[Saved entries]
☆ ☆ ☆ ☆
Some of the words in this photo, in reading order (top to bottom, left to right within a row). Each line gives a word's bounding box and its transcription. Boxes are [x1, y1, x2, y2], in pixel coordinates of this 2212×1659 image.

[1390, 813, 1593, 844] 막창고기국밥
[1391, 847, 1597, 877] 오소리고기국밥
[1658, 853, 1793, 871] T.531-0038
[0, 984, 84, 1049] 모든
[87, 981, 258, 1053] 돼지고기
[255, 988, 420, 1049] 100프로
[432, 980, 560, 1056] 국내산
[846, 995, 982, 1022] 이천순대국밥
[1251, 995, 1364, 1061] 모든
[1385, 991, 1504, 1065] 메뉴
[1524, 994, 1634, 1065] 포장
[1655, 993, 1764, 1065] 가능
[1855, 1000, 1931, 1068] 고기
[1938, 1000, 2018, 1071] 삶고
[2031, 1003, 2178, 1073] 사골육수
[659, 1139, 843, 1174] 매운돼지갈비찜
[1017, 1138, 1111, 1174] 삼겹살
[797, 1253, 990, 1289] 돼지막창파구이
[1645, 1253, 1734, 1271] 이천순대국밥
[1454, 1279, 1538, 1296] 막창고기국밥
☆ ☆ ☆ ☆
WHAT IS REQUIRED >> If a line appears above, it belongs in your answer, printed exactly.

RESULT FOR THIS TASK >>
Some of the words in this photo, in reading order (top to bottom, left to right within a row). Each line gives a word's bounding box and its transcription. Boxes are [x1, y1, x2, y2], in pixel coordinates of this 2212×1659 image.

[1390, 813, 1593, 844] 막창고기국밥
[1391, 847, 1597, 877] 오소리고기국밥
[1658, 853, 1793, 871] T.531-0038
[0, 984, 84, 1049] 모든
[87, 981, 258, 1053] 돼지고기
[255, 988, 420, 1049] 100프로
[432, 980, 560, 1056] 국내산
[846, 995, 982, 1022] 이천순대국밥
[1251, 995, 1364, 1061] 모든
[1385, 991, 1504, 1065] 메뉴
[1524, 994, 1634, 1065] 포장
[1655, 993, 1764, 1065] 가능
[1855, 1000, 1931, 1068] 고기
[1938, 1000, 2018, 1071] 삶고
[2031, 1003, 2178, 1073] 사골육수
[659, 1139, 843, 1174] 매운돼지갈비찜
[1017, 1138, 1111, 1174] 삼겹살
[797, 1253, 990, 1289] 돼지막창파구이
[1645, 1253, 1734, 1271] 이천순대국밥
[1454, 1279, 1538, 1296] 막창고기국밥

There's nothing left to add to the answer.